Nuestros deberes con los animales
Seleccionamos algunos pasajes del libro donde Roger Scruton expone sus tesis principales.
Los animales no son como nosotros. Si los animales poseyeran la conciencia de sí mismos y la autonomía propia de un ser con vida moral, entonces también tendrían derechos y deberes. Pero los animales no llegan a tener una individualidad de ese tipo. Y el común amante de los animales no piensa de otra manera. Pues un ser dotado de conciencia moral no puede ser tratado como una mascota, no puede ser amaestrado, domesticado o acariciado sin su consentimiento. No podemos tenerlo como tenemos un perro o un gato, para nuestros fines, ni siquiera para que nos haga compañía, a menos que acceda libre y conscientemente a dárnosla. Aunque nos encariñamos fácilmente con nuestros animales domésticos, en realidad no les damos voz ni voto en el asunto y nos deshacemos de ellos sin contemplaciones si nos pagan nuestros mimos con mordiscos, arañazos o gruñidos. Un animal doméstico es un miembro honorario de la comunidad moral, aunque dispensado de la carga de obligaciones que ese estatuto normalmente comporta. Nuestros deberes con esas criaturas en quienes, como dijo Rilke, hemos «criado un alma», son similares a las obligaciones generales de atención a los demás en que se basa el hogar. Un hombre que sacrificara a su hijo o su padre por su animal doméstico obraría mal; pero también obraría mal quien sacrificara a su animal doméstico por un animal salvaje hacia el que no tiene responsabilidad personal (por ejemplo, dándolo a comer a un león).
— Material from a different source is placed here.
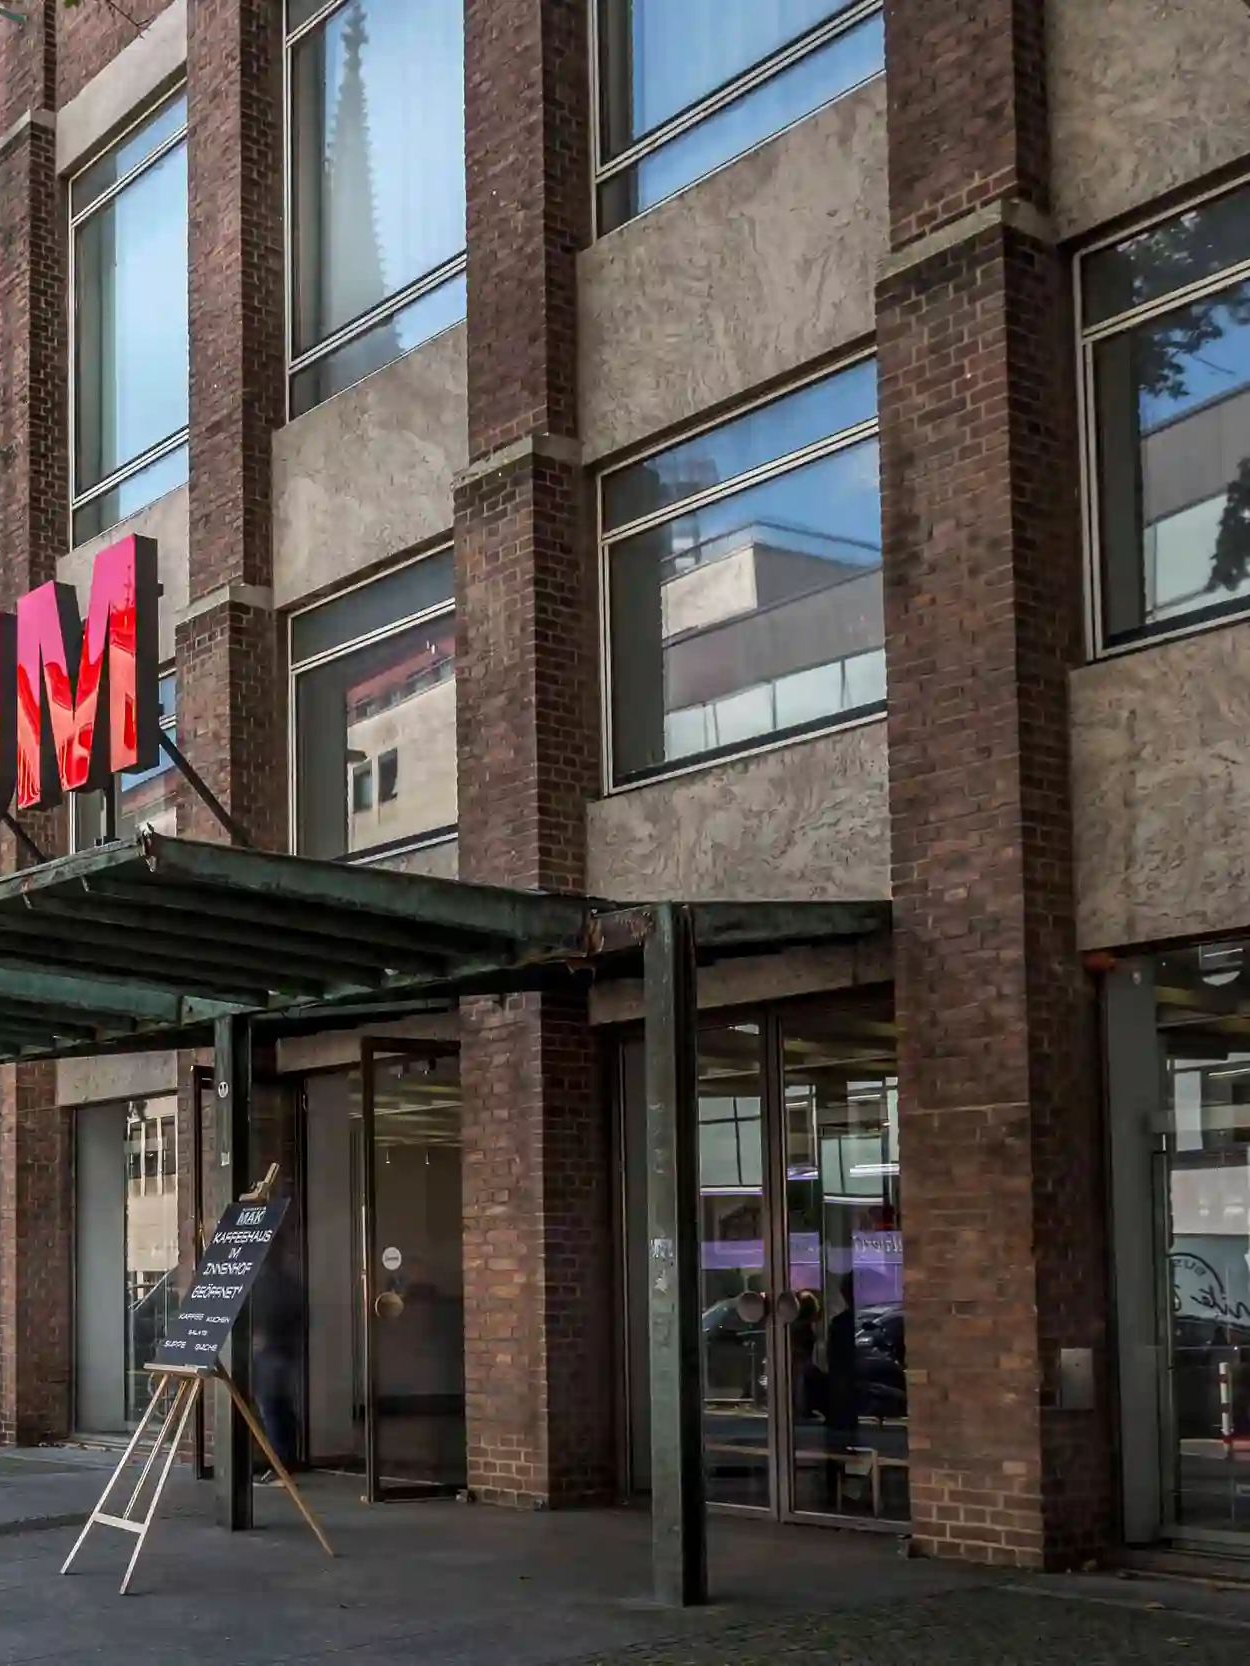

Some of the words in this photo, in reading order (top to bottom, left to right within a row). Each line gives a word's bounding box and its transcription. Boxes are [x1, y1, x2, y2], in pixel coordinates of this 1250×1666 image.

Volver a la piedad. Los relatos que hablan de vicios y virtudes constituyen una parte importante de la formación moral. El fin principal de esta formación no es enseñar la ley moral -que en general se enseña por sí misma-, sino inculcar un tipo concreto de carácter: el del que obedece la ley aunque sus intereses y deseos vayan por otro lado.
Desde la Ilustración, el pensamiento moral se ha apartado de la piedad y ha dedicado sus mejores energías a las ideas legales abstractas relativas al respeto a las personas. Esto se debe a muchas razones, cuyo análisis cae fuera del objeto de este libro. Pero vale la pena señalar que las cuestiones morales en torno a los animales, que comienzan a plantearse con viveza en coincidencia con nuestra pérdida de confianza en la religión, y en ese sentido deben parte de su fuerza a la decadencia de la piedad tradicional, al mismo tiempo representan para muchos una vuelta a la piedad.
A juicio de esas personas, debemos recobrar la actitud hacia el mundo natural que antaño prevalecía, cuando las especies eran consideradas como algo sagrado, y la humanidad aún no había afirmado sus pretensiones de soberanía absoluta sobre las obras de la naturaleza, sino que se tenía por humilde administradora de la creación. No es descabellado creer que la civilización moderna ha destruido una preciosa parte del alma humana en su orgulloso arrogarse el derecho a dominar y explotar los recursos de la Tierra.
Debemos tener presente que el modo de tratar a los animales domésticos refuerza las virtudes y los vicios de sus amos. El misántropo que observa extasiado un animal cautivo puede prescindir más fácilmente de los actos y sentimientos caritativos que la moral exige. El sentimentalismo y la actitud kitsch con los animales puede parecer a muchos el vivo ejemplo de la benevolencia. En realidad, es frecuente lo contrario: una forma de disfrutar del lujo de sentimientos afectuosos sin los normales inconvenientes de tenerlos, una forma de dedicar amor fingido a una víctima inocente que carece del juicio necesario para rechazarlo o criticarlo; una forma, por tanto, de reforzar un hábito de frialdad.